Mark Kettenis mark.kettenis at xs4all.nl
Wed Jun 13 14:55:01 UTC 2018


> From: Alexander Graf <agraf at suse.de>
> Date: Tue, 12 Jun 2018 22:32:38 +0200
> 
> On 12.06.18 22:17, Mark Kettenis wrote:
> >> From: Alexander Graf <agraf at suse.de>
> >> Date: Tue, 12 Jun 2018 20:46:02 +0200
> >>
> >> On 12.06.18 19:27, Mark Kettenis wrote:
> >>> The current code that switches into HYP mode doesn't bother to set
> >>> up a stack for HYP mode.  This doesn't work for EFI applications
> >>> as they expect a usable stack.  Fix this by saving the stack
> >>> pointer before switching and use it to set SP_hyp from monitor.

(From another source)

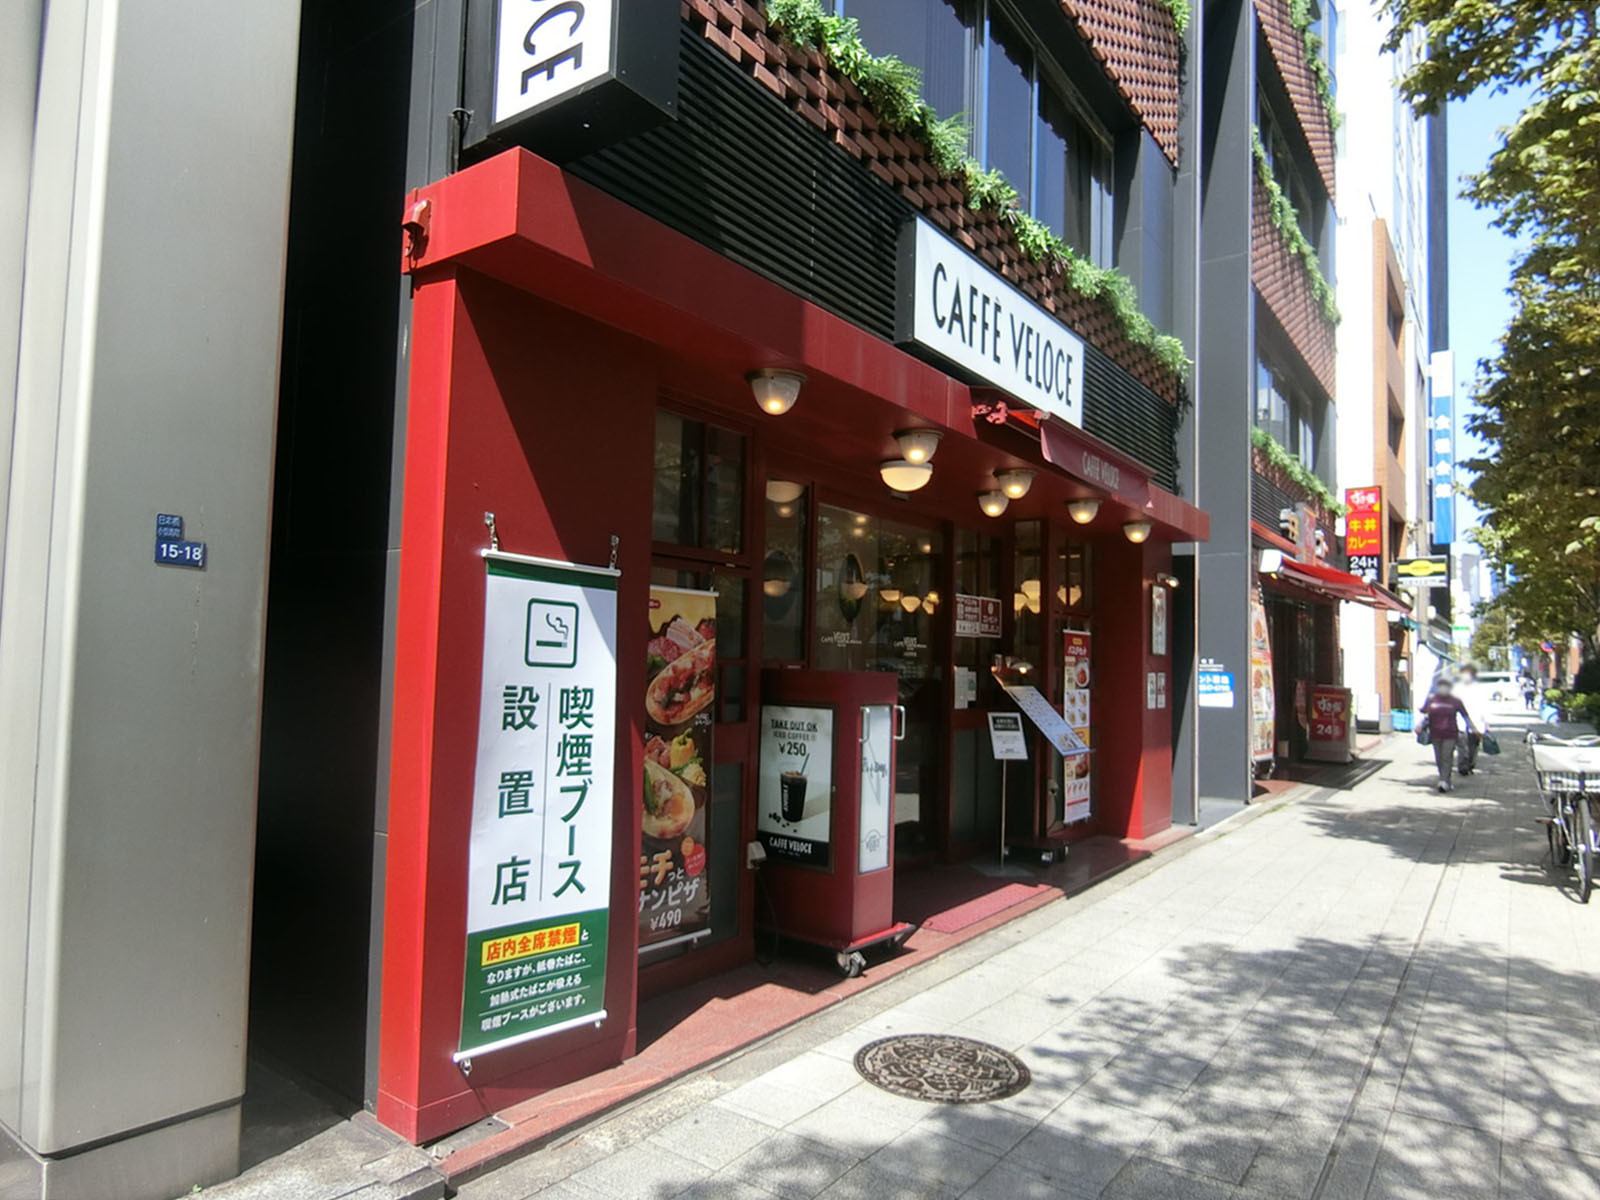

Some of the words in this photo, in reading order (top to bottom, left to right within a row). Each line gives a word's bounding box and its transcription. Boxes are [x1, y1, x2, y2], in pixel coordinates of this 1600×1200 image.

> >>> This restores the stack pointer when we drop into HYP mode.
> >>>
> >>> Signed-off-by: Mark Kettenis <kettenis at openbsd.org>
> >>
> >> Can we be sure that the stack in MON is usable from HYP?
> > 
> > I think so.  It is the stack that U-Boot sets up for itself in normal
> > memory.  As far as I can tell arm64 re-uses this stack when dropping
> > down into EL2 as well.
> 
> Well, the question is whether it's secure or non-secure memory. Usually
> the DRAM controller can be configured to have a window of RAM only
> available to secure and I'd certainly hope that at least the U-Boot
> parts that are preserved in EL3 live in such a secured area :)

The U-Boot PSCI implementation ends up in a special memory region and
uses a separate stack in that same region.  Whether that memory region
is marked as secure in hardware depends on board-specific code.  On
the i.MX7D board I'm playing with it ends up in on on-chip RAM but I'm
not sure the current U-Boot code actually marks that region as secure.
In principle the PSCI code is all that is preserved for MON/EL3.  My
diffs really don't change how that works.  The code is already there
and it already works (I assume) when booting Linux kernels in
non-secure mode the traditional (non-EFI) way.